[[ EXERCISE INPUT, beginning ]]

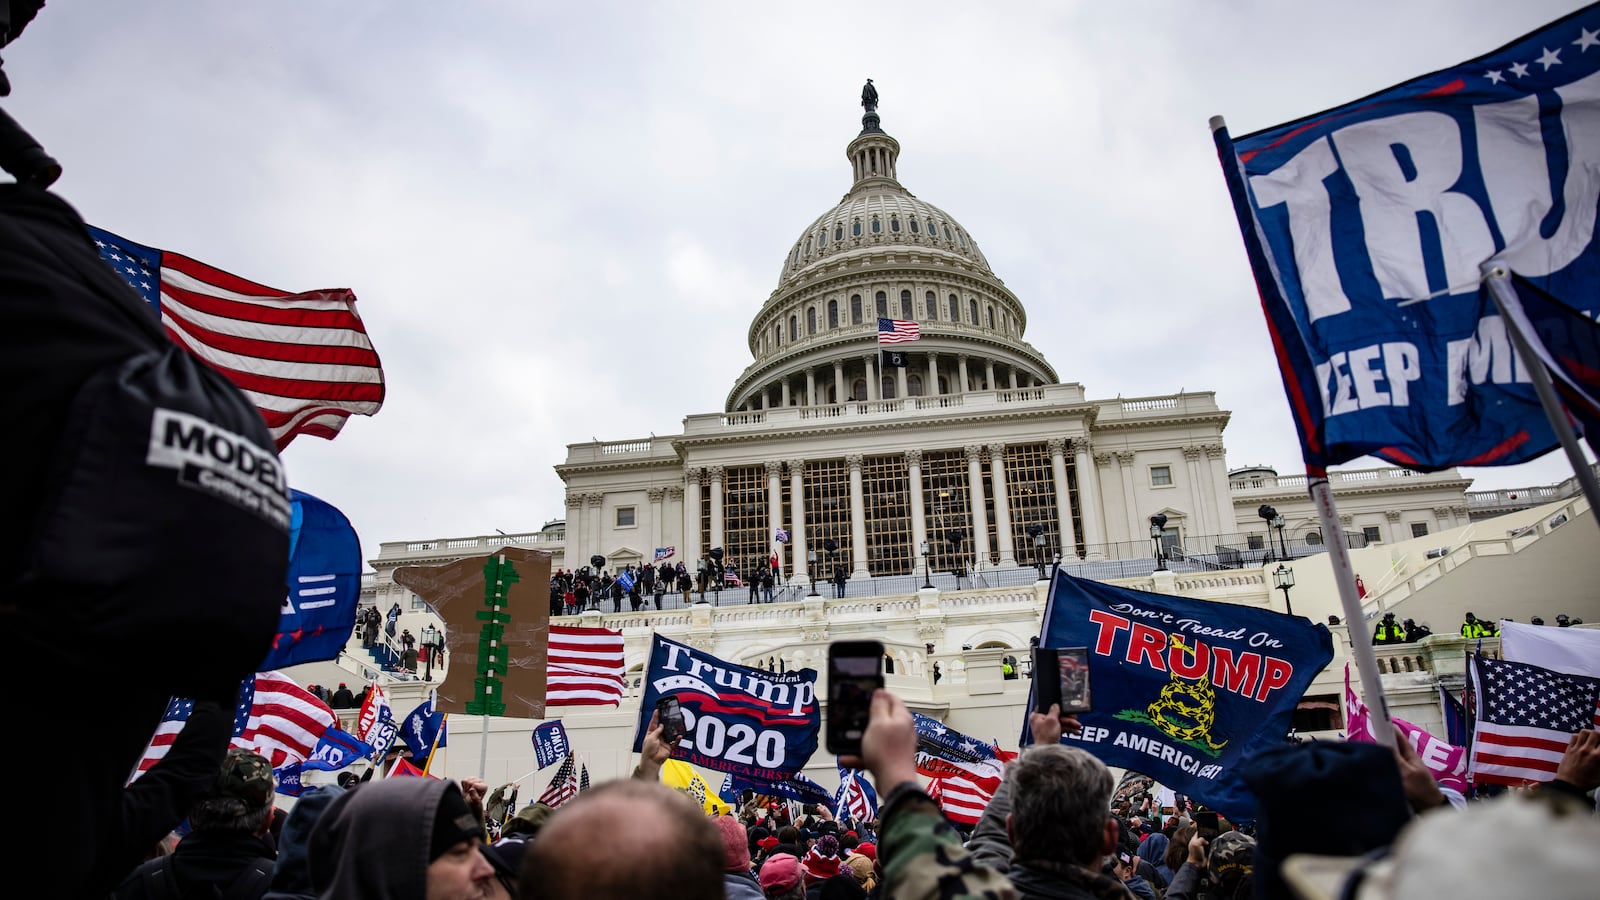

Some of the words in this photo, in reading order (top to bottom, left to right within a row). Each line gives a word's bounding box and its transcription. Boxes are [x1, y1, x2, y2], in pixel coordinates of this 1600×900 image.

[1108, 603, 1174, 624] Don't
[1176, 618, 1244, 640] Tread
[1249, 632, 1283, 648] On
[659, 640, 814, 716] Trump
[1089, 609, 1293, 702] TRUMP
[690, 753, 750, 776] AMERICA
[752, 767, 793, 781] FIRST
[1113, 731, 1200, 776] AMERICA
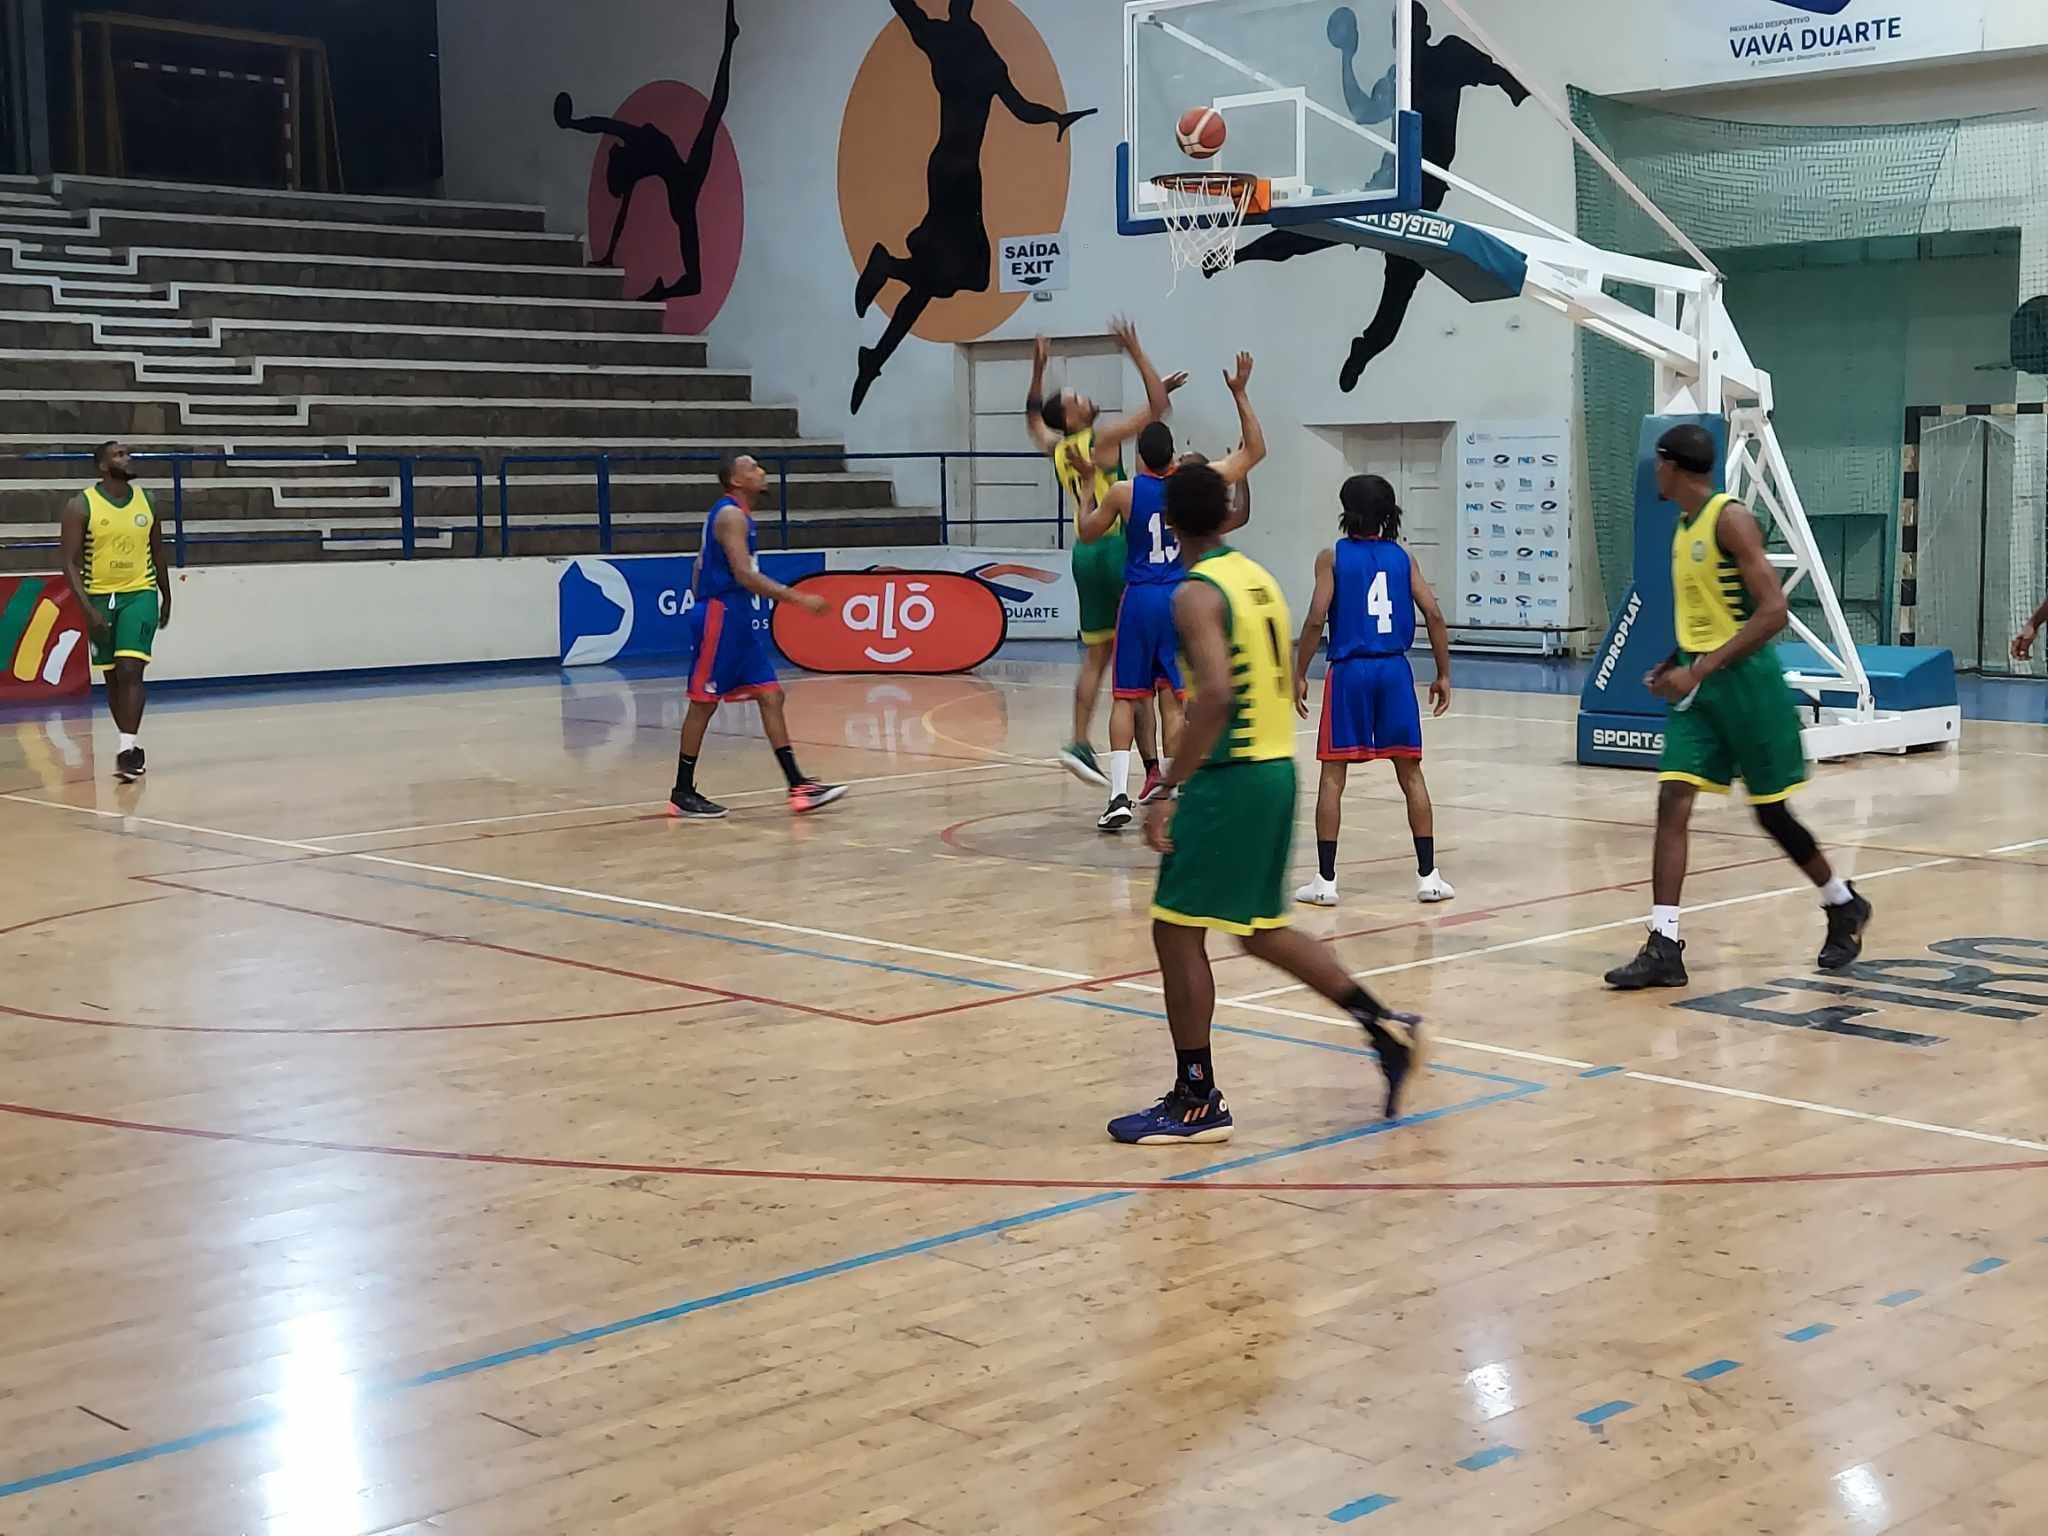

[[ EXERCISE INPUT, end ]]

=== AIM OF THE EXERCISE ===
Output all data exactly, omitting images.

=== ANSWER BELOW ===
Some of the words in this photo, in reading order (top to bottom, left to right within a row). Each line gives a word's bounding box and its transcription. Boxes are [x1, y1, x2, y2], in pixel coordinates of this 1600×900 image.

[1108, 603, 1174, 624] Don't
[1176, 618, 1244, 640] Tread
[1249, 632, 1283, 648] On
[659, 640, 814, 716] Trump
[1089, 609, 1293, 702] TRUMP
[690, 753, 750, 776] AMERICA
[752, 767, 793, 781] FIRST
[1113, 731, 1200, 776] AMERICA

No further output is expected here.